The idea of a Northern Renaissance has been doubted, but this reviewer says, Yes!

“Reader, if you encounter one of these naysayers anywhere near Buckingham Palace, grab them by the ear, yank them to the Queen’s Gallery and instruct them to open their eyes. Anyone who cannot spot the presence here of a distinct aesthetic needs to sit their GSCE in art all over again.”

The exhibition covers Durer to Holbein, and raises the issue of a north-south divide in Europe, with a contrast in themes and sensibilities between protestant and catholic.

Januszczack reckons the really interesting question is: what came first, the tone or the religion? He goes too far by saying this is a difference in genetics, and has a laugh in awarding Durer’s illustration of the Book of Revelation, “some sort of Oscar for horribleness”.

The Tudor connection, of course, is Hans Holbein the younger – the review marvels at his realism:

“Great indeed was the day when Henry VIII made Holbein his court artist. Totally convincing faces. Totally convincing textures. Real pyschological presences. No half-timbered stiffness. No stubborn medievalism. It’s as if the entire Tudor age has been put on pause, while another age, playing at another speed, has started up in the same time span. What a contrast. What a mismatch.”

The conclusion is that Henry VIII did more for British art than any other monarch. For the Tudor age I agree (forgiving the British anachronism), but Holbein’s art was so much more sophisticated than what followed: the mismatch continued far too long. If the idea of the Northern Renaissance is good, why does the rest of the Tudor century pale in comparison to this great artist?

The collection at the Queen’s Gallery is not just about painting. Here’s a bronze sculpture by the Dutch Adriaen de Vries, made in about 1600:

[Click here to play with the image. Commentary on the sculpture (and the helpful stalk between the legs) here.]

My first impression is of Cellini-style delight … and later in the collection is the Cellini shield, which contains four episodes from the life of Julius Caesar, a big subject with the Tudors. Although the style suggests Cellini, the shield was done by the Dutch Eliseus Libaerts in the 1560s.
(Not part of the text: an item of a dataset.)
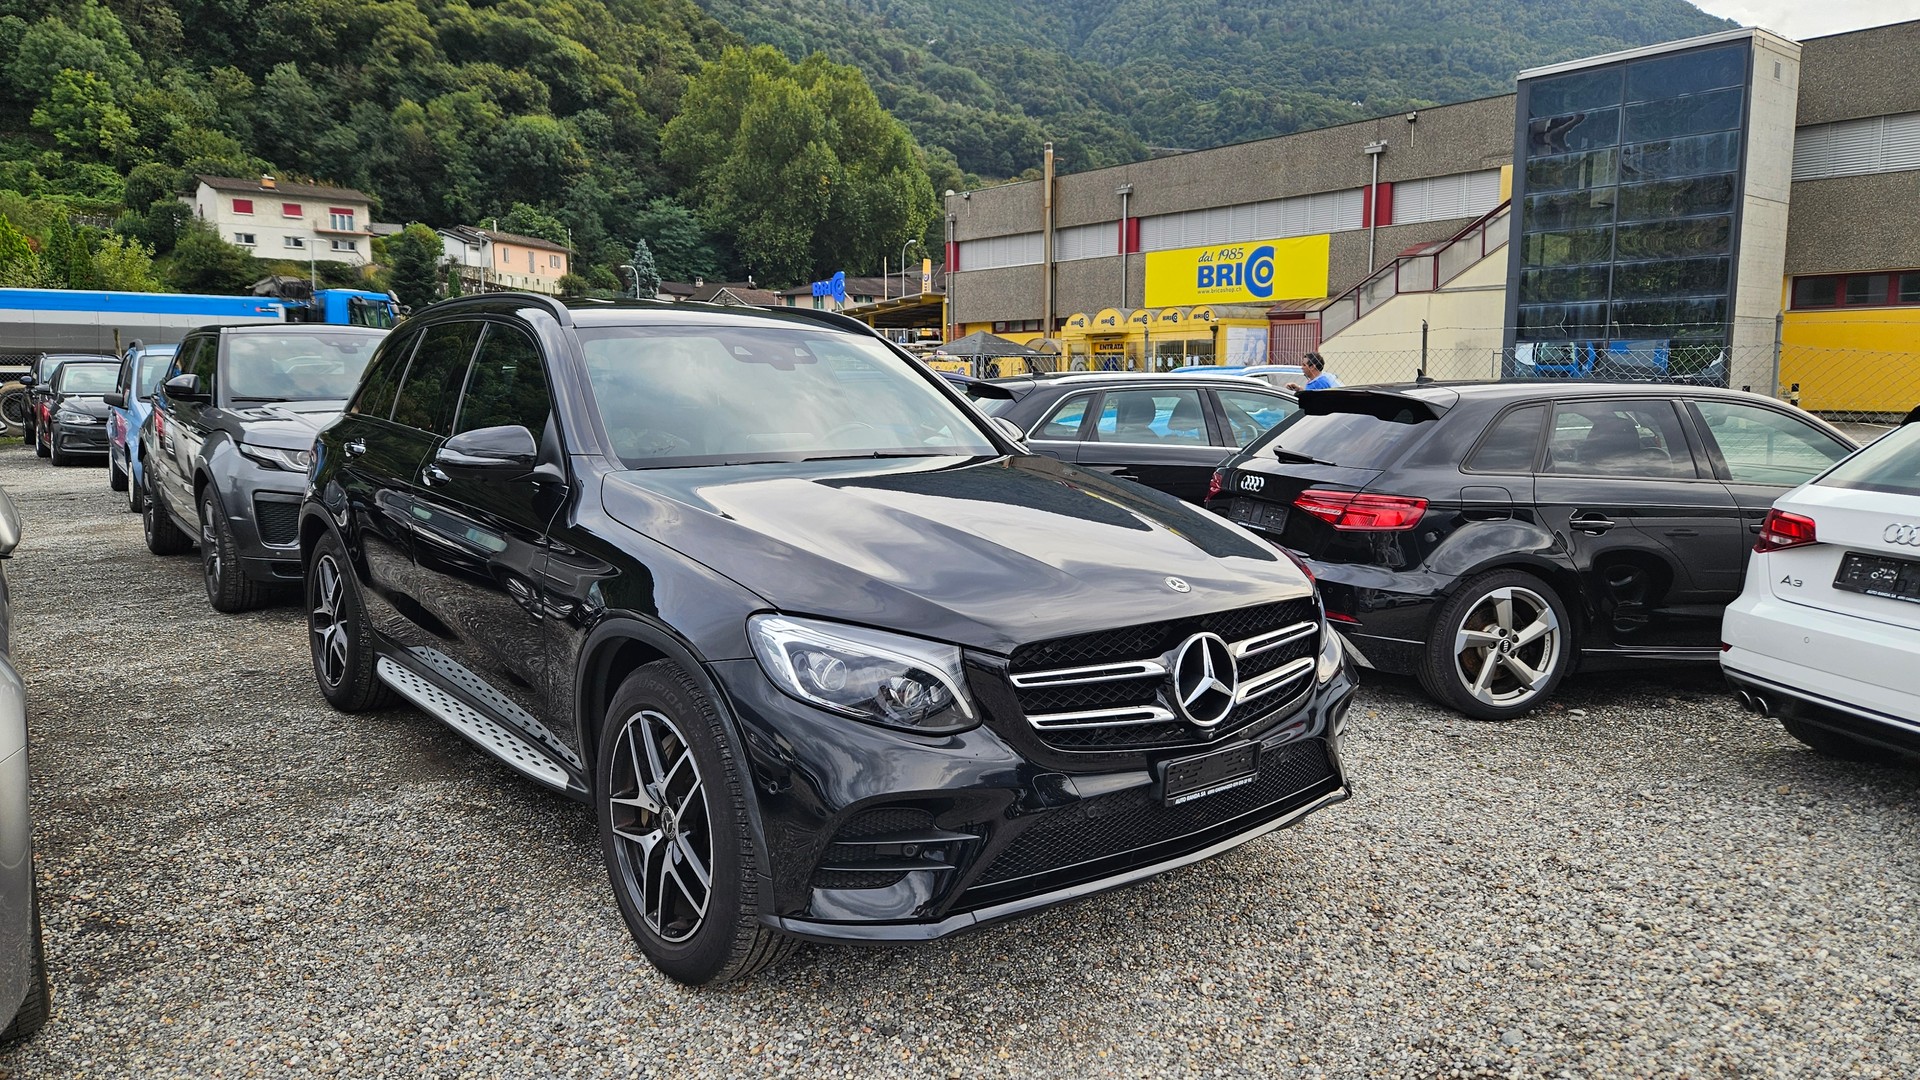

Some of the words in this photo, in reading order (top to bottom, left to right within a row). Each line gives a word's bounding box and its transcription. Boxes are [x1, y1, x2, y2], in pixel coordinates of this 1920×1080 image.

So both sculpture and shield are examples of the spread of Renaissance influence from Italy to the north, but not beyond the channel, because no artist in England was doing this kind of work. The idea of a Northern Renaissance may be good for Germany and the Netherlands, but Holbein looks like an offshoot that withered.

Janusczek also mentions items from the armory of Henry VIII inscribed with episodes from Ovid’s Metamorphoses. Ovid was an important poet in the Renaissance – “change is my subject” – and his ancient texts were a favourite for translation in the revival of Greek and Roman learning. The Renaissance twist added an increasingly complex appreciation of the mutability of life.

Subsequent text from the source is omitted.